#### [WORK REQUEST]
An exact reproduction of the data below is the required answer.

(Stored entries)
• • • • •
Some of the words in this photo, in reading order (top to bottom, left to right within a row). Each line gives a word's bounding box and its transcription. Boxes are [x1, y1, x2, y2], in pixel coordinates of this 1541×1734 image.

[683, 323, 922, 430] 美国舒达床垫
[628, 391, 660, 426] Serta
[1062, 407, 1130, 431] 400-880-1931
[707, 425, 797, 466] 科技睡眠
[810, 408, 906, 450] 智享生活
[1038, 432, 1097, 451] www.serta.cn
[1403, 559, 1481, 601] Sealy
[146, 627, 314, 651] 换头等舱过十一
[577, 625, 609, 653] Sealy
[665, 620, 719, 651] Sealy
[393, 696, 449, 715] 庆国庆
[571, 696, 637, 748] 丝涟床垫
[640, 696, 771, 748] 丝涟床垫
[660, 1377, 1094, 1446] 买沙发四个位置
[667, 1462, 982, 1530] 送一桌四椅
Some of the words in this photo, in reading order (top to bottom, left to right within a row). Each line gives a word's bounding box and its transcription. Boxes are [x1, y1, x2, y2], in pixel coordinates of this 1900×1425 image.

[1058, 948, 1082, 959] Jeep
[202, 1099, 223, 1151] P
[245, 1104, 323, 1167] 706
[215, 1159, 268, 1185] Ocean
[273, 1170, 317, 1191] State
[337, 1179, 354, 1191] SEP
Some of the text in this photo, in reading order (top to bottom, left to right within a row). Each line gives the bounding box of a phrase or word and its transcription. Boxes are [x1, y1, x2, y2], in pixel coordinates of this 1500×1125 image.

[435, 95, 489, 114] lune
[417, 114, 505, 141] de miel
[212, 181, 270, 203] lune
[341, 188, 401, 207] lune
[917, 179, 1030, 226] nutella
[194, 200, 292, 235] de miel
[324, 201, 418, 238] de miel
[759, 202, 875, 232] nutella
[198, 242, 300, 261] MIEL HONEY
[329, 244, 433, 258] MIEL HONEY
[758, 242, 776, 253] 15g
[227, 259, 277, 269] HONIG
• • • • •
#### [RESPONSE]
Some of the words in this photo, in reading order (top to bottom, left to right within a row). Each line gives a word's bounding box and its transcription. Boxes are [x1, y1, x2, y2], in pixel coordinates of this 1541×1734 image.

[683, 323, 922, 430] 美国舒达床垫
[628, 391, 660, 426] Serta
[1062, 407, 1130, 431] 400-880-1931
[707, 425, 797, 466] 科技睡眠
[810, 408, 906, 450] 智享生活
[1038, 432, 1097, 451] www.serta.cn
[1403, 559, 1481, 601] Sealy
[146, 627, 314, 651] 换头等舱过十一
[577, 625, 609, 653] Sealy
[665, 620, 719, 651] Sealy
[393, 696, 449, 715] 庆国庆
[571, 696, 637, 748] 丝涟床垫
[640, 696, 771, 748] 丝涟床垫
[660, 1377, 1094, 1446] 买沙发四个位置
[667, 1462, 982, 1530] 送一桌四椅
Some of the words in this photo, in reading order (top to bottom, left to right within a row). Each line gives a word's bounding box and its transcription. Boxes are [x1, y1, x2, y2], in pixel coordinates of this 1900×1425 image.

[1058, 948, 1082, 959] Jeep
[202, 1099, 223, 1151] P
[245, 1104, 323, 1167] 706
[215, 1159, 268, 1185] Ocean
[273, 1170, 317, 1191] State
[337, 1179, 354, 1191] SEP
Some of the text in this photo, in reading order (top to bottom, left to right within a row). Each line gives the bounding box of a phrase or word and its transcription. Boxes are [x1, y1, x2, y2], in pixel coordinates of this 1500×1125 image.

[435, 95, 489, 114] lune
[417, 114, 505, 141] de miel
[212, 181, 270, 203] lune
[341, 188, 401, 207] lune
[917, 179, 1030, 226] nutella
[194, 200, 292, 235] de miel
[324, 201, 418, 238] de miel
[759, 202, 875, 232] nutella
[198, 242, 300, 261] MIEL HONEY
[329, 244, 433, 258] MIEL HONEY
[758, 242, 776, 253] 15g
[227, 259, 277, 269] HONIG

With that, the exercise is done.